マシーン・エイジ
Machine Age

『LIFE』創刊号(1936年11月23日)
Margaret Bourke-White photo of Ft. Peck Dam.
LIFE Magazine © Time, Inc.
機械がもつダイナミズムとスピード感を新しい時代の象徴として捉える機運が強かった、両大戦間のアメリカの時代精神を指していう言葉。その傾向は美術、写真、建築、デザイン等の各ジャンルで広く認められた。エンパイアステートビルの竣工(1931)に始まるニューヨークの摩天楼群の建設はマシーン・エイジの火蓋を華々しく切り、他にも鉄とガラスとコンクリートによって構成されるインターナショナルスタイルの建築、フォートベックダムのグラビアによって写真誌『LIFE』創刊号の表紙を飾ったマーガレット・バークホワイトの写真、巨大な機械を精密に描いたチャールズ・シーラーの絵画などこの時代ならではのダイナミックな表現が続々と生み出された。
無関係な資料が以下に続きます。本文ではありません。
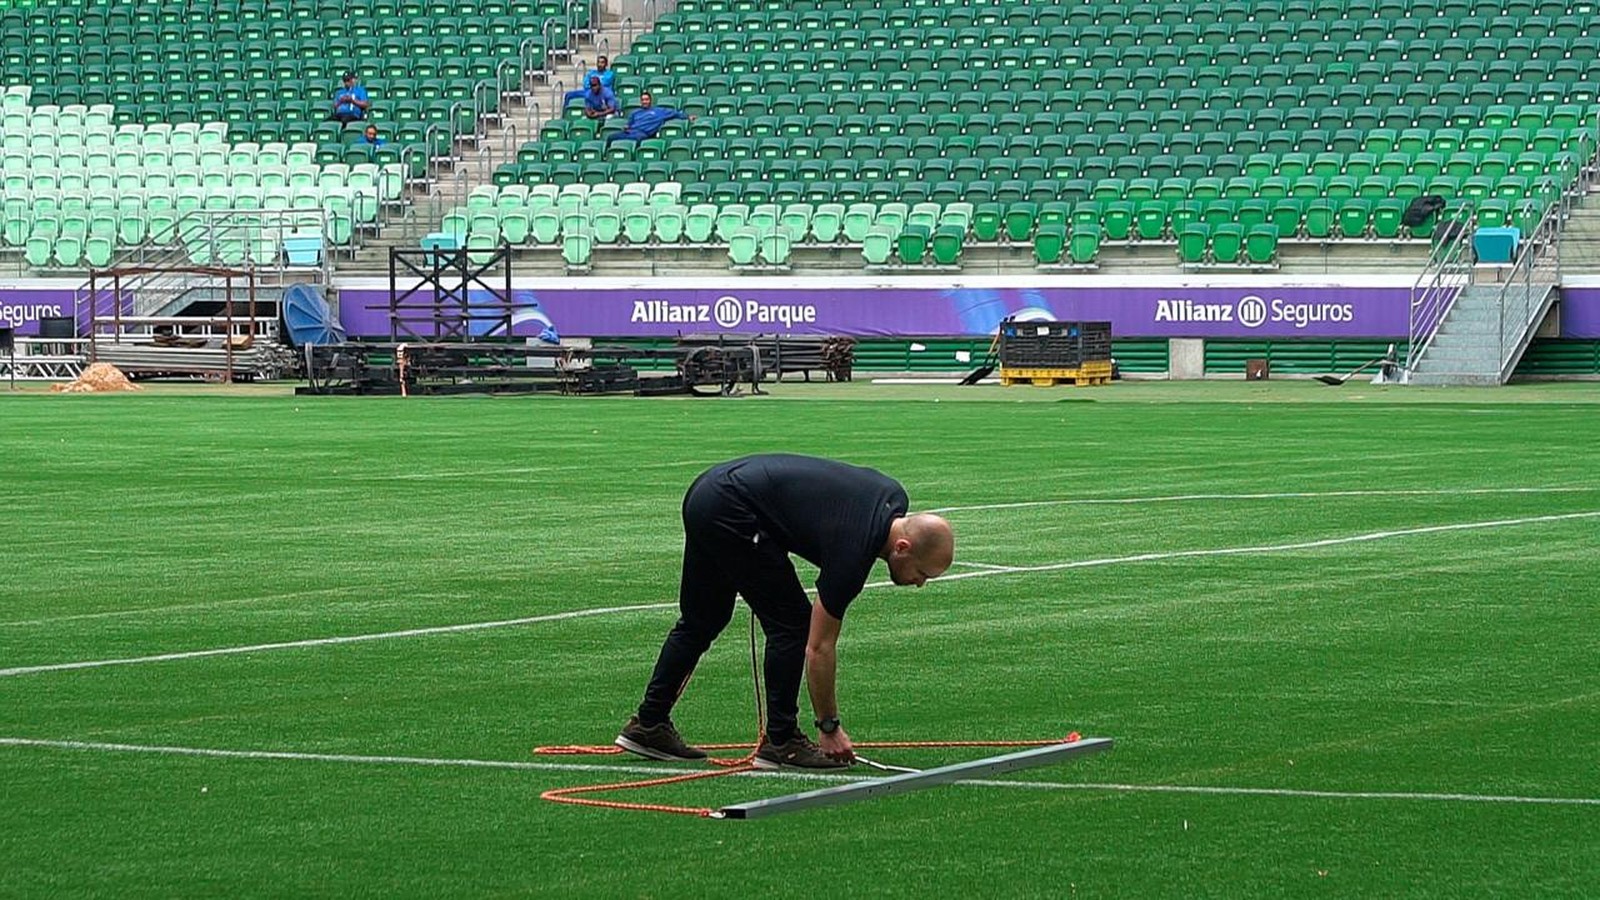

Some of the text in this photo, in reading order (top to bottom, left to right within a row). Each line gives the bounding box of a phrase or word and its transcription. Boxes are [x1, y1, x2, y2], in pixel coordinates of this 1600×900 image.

[0, 302, 62, 327] eguros
[631, 301, 816, 328] Allianz Parque
[1154, 299, 1353, 328] Allianz Seguros
とくに、レイモンド・ローウィーやノーマン・ベル・ゲティーズ、ヘンリー・ドレフュスらを代表格とする流線形の造形は、スピードと未来というテーマに基づく大量生産を目指した、マシーン・エイジの理念を体現したデザインであった。この傾向は、20年後のアメリカを見せることを目的とした「フューチャラマ」が上映された1939年のニューヨーク万博でピークに達したが、第2次世界大戦の到来による時局の急激な変化は、マシーン・エイジの理想をも過去へと追いやってしまった。